Estaba agotado, me ardían los ojos de haberlos tenido abiertos la noche entera mirando fijamente a mamá o el libro que sostenía en el regazo. De estar sentado en la silla de madera de bordes redondeados se me había dormido la parte posterior de los muslos. Ya no me fiaba de ninguna de las muestras de estabilidad que la anciana había dado esa misma tarde en la boda de Lorraine.
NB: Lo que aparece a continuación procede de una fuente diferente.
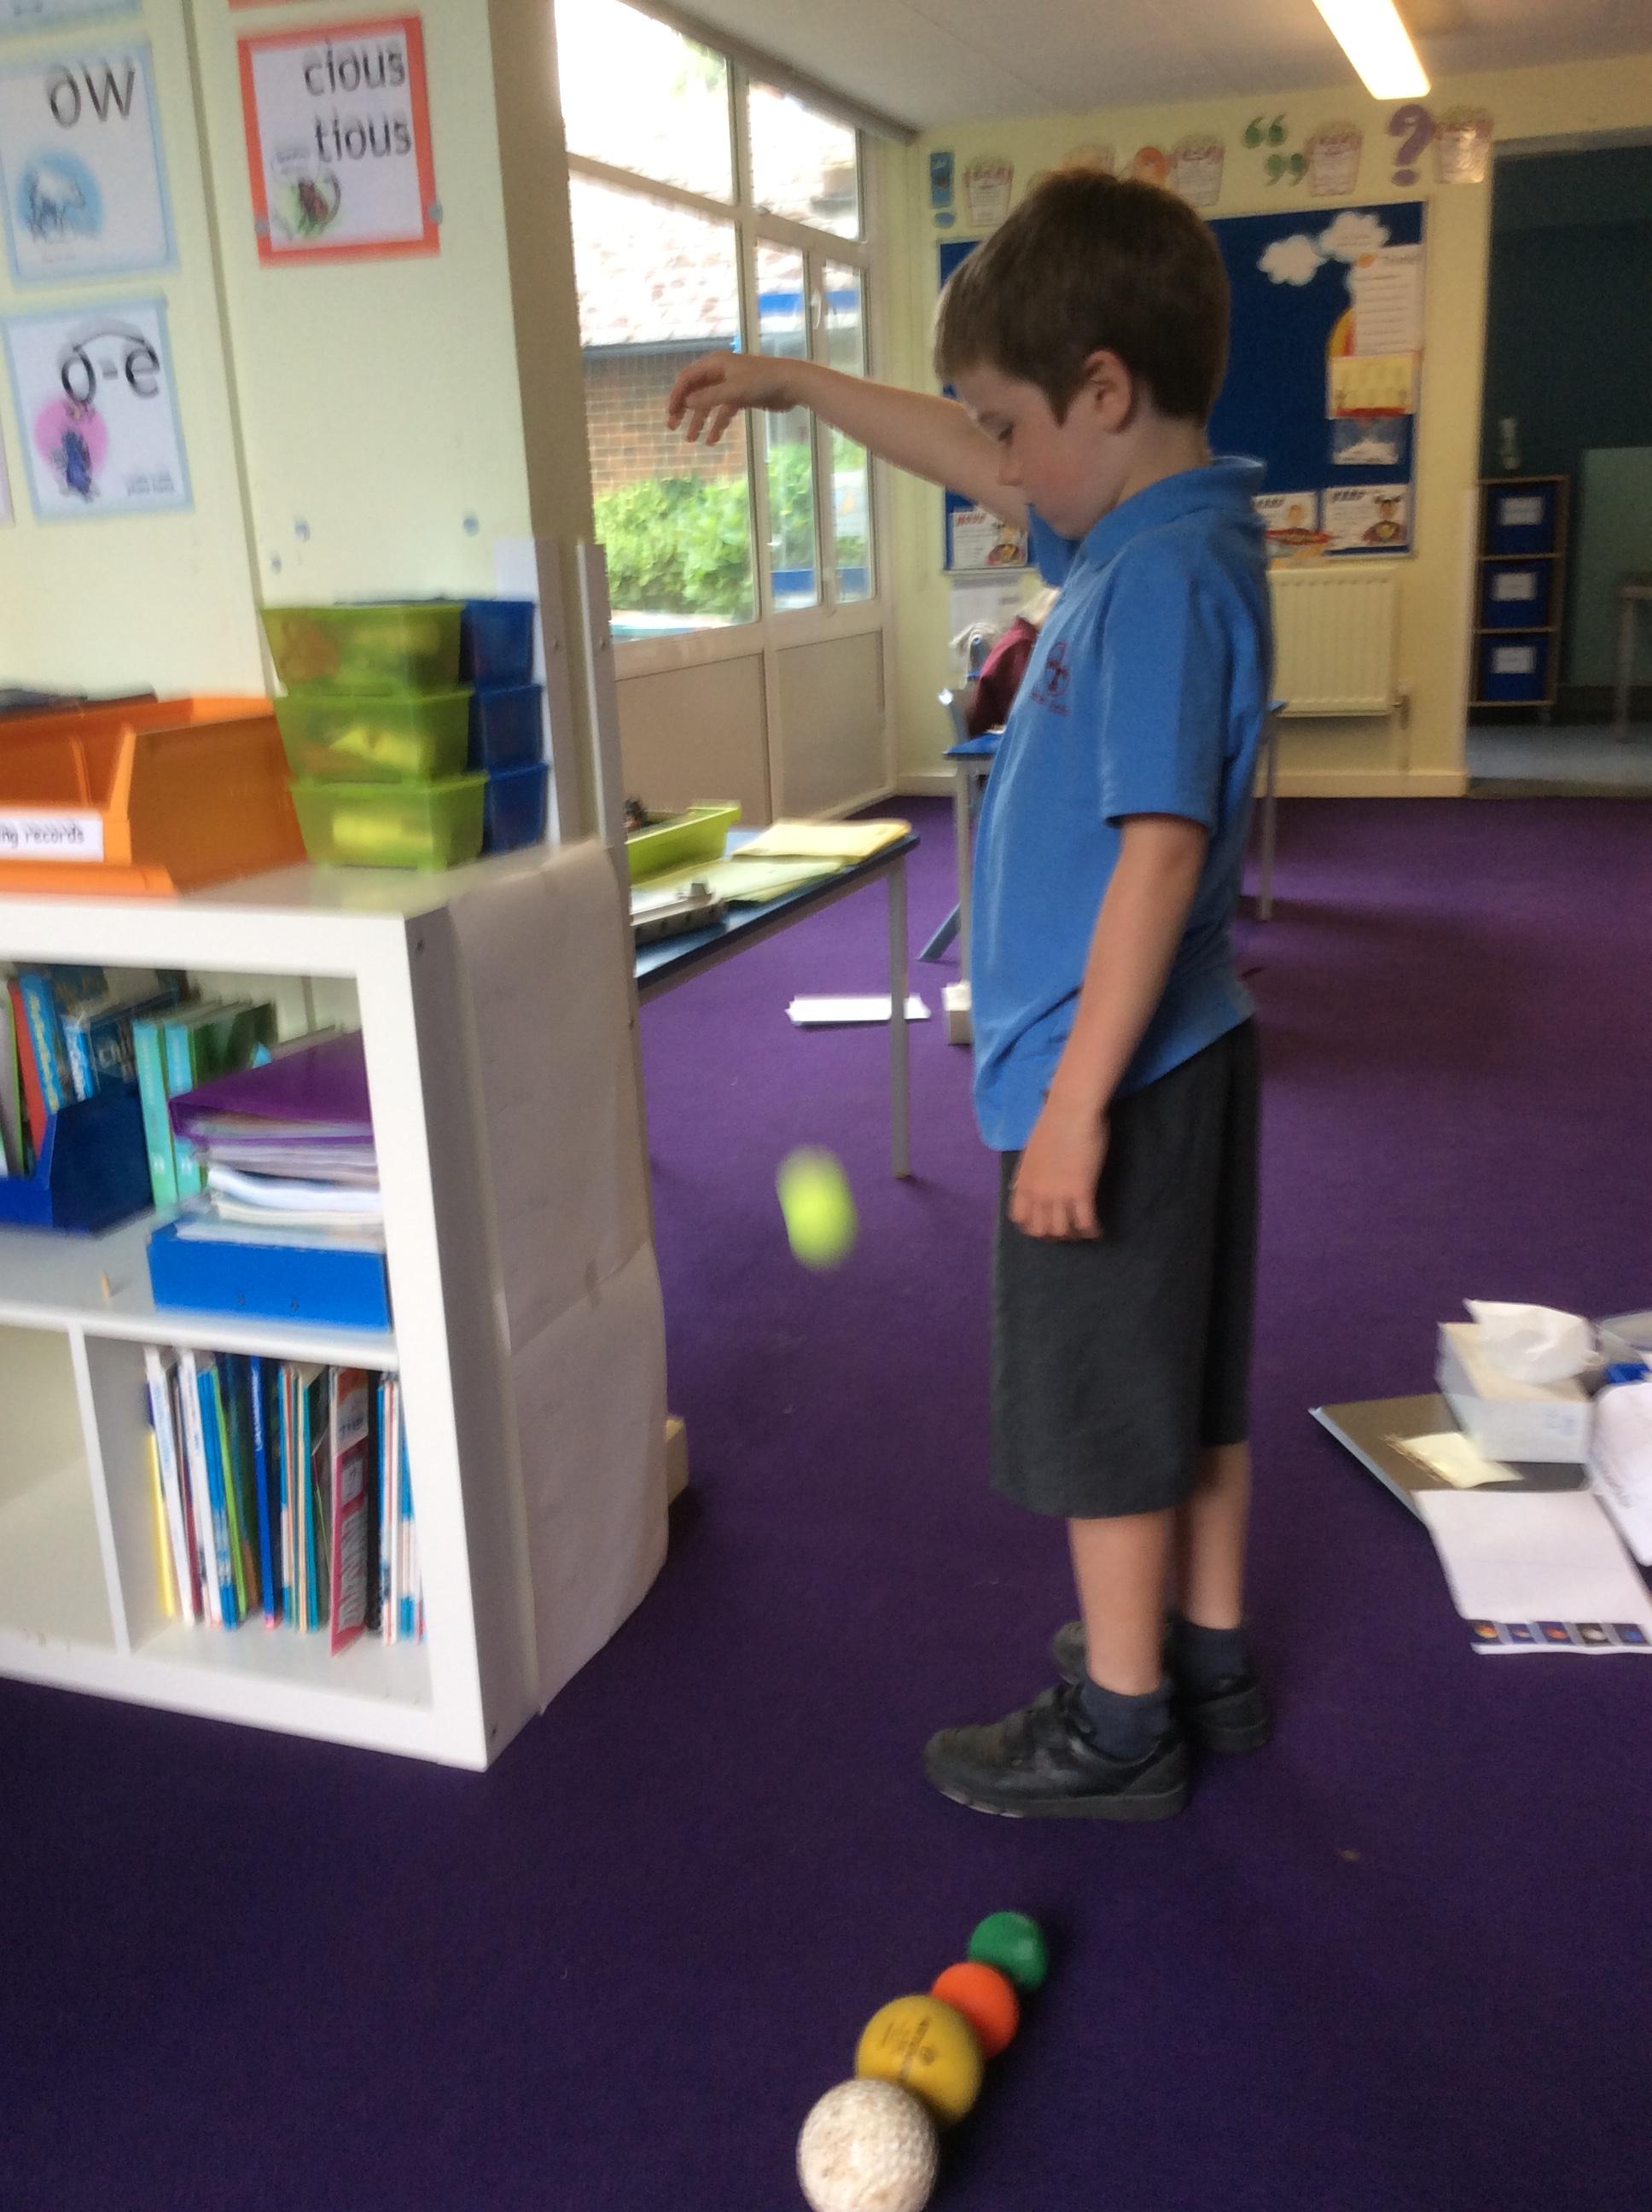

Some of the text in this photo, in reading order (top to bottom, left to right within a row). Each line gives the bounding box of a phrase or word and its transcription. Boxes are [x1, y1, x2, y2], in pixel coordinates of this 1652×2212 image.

Me aterraba pensar que podría levantarme y encontrar su cama vacía y luego, tras una breve búsqueda, descubrir su cuerpo sin vida flotando en el riachuelo o yaciendo al pie de la escalera. Internarla me parecía un asunto muchísimo más urgente que antes. Me moría por saber que ella estaba a salvo y por poner fin a mi desesperación.

Cuando mamá se despertó, me miró durante unos instantes y luego dijo:

—Buenos días, Monksie.

—Buenos días, mamá. ¿Has descansado bien?

—Sí, supongo que sí. He tenido unos sueños que no me han gustado. —Se incorporó y alisó la superficie de la sábana y de la fina colcha a su lado—. No recuerdo ninguno.

—Yo tampoco me acuerdo nunca de mis sueños.

—No has pasado toda la noche en esa silla, ¿verdad?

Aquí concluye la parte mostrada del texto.